O pedido foi encaminhado após Moraes determinar a inclusão do nome de Zambelli na lista de difusão vermelha da Interpol. O Ministério Público da Itália já manifestou parecer favorável à entrega da deputada ao Brasil, mas a decisão final ainda depende da corte italiana. A defesa busca impedir a medida e acionou a Corte Interamericana de Direitos Humanos (CIDH), alegando falta de provas de que a parlamentar tenha financiado ataques a sistemas do Judiciário brasileiro.

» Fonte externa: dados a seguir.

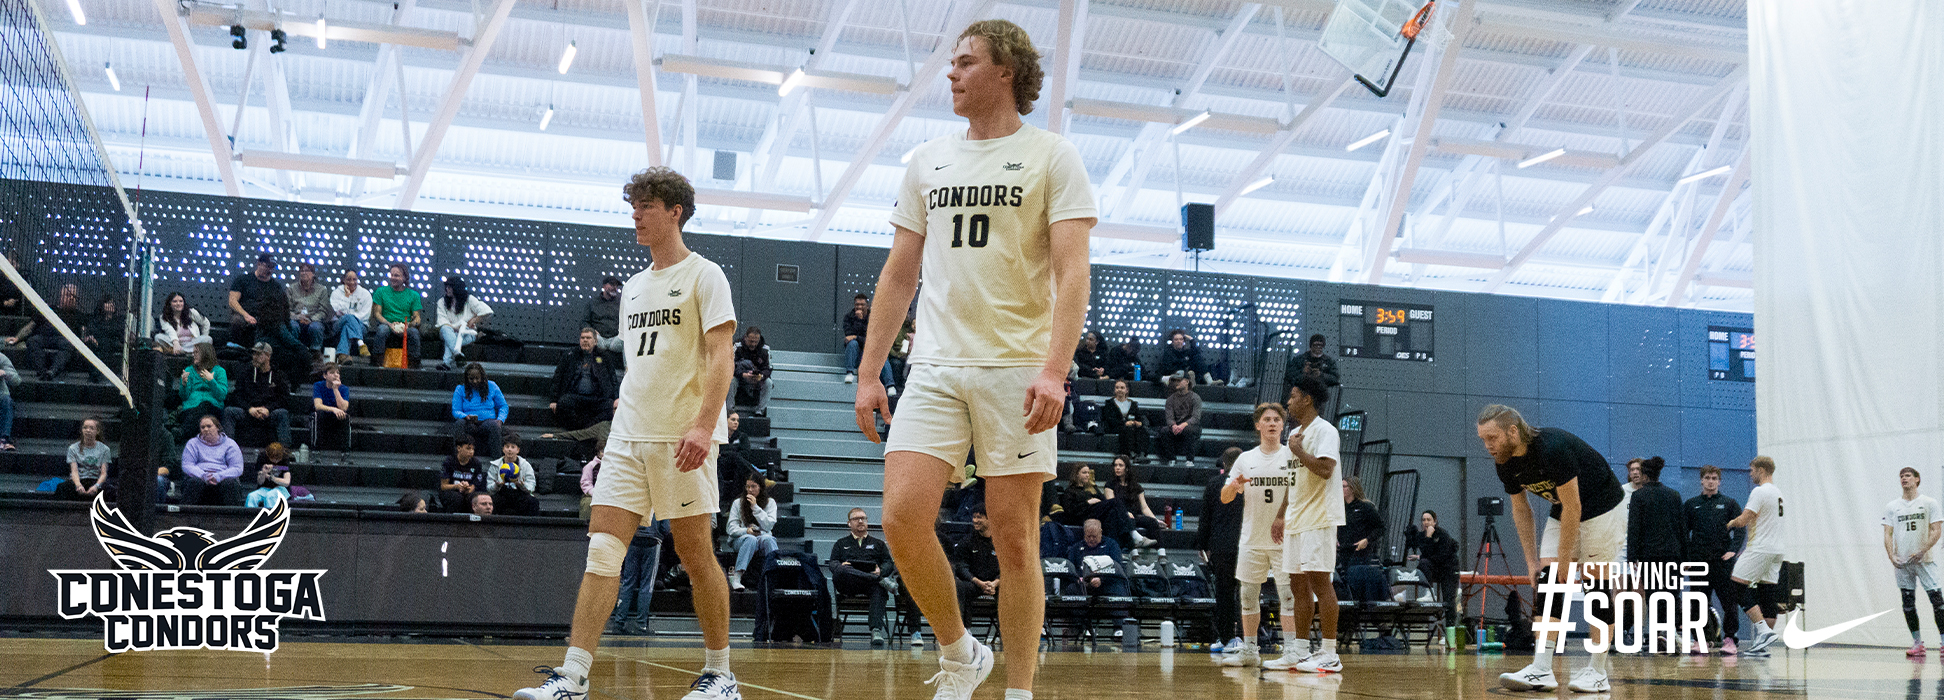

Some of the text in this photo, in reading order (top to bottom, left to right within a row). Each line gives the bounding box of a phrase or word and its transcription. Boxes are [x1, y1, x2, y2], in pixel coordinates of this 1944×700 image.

Acusações ligadas a hacker
Zambelli é acusada de ter contratado o hacker Walter Delgatti Neto para invadir o sistema do Conselho Nacional de Justiça (CNJ). A invasão resultou na emissão de um falso mandado de prisão contra Alexandre de Moraes. Após ser condenada em primeira instância por supostamente financiar Delgatti, a deputada viajou para a Itália, país onde possui cidadania, e acabou detida pela polícia local no fim de julho.
Situação parlamentar
Em 29 de maio, um mês antes da prisão, a deputada solicitou licença de 127 dias do mandato, abrindo espaço para que o suplente Missionário José Olímpio (PL-SP) assumisse a cadeira. A licença terminou em 2 de outubro, depois disso Olímpio deixou o cargo e Zambelli voltou a constar como titular, acumulando ausências nas sessões. A previsão é de que termine o ano com 31 faltas não justificadas.
Paralelamente, tramita na Câmara dos Deputados um processo de cassação do mandato de Carla Zambelli. O caso está parado na Comissão de Constituição e Justiça (CCJ).
A reportagem pediu manifestação à defesa da deputada; o espaço permanece aberto.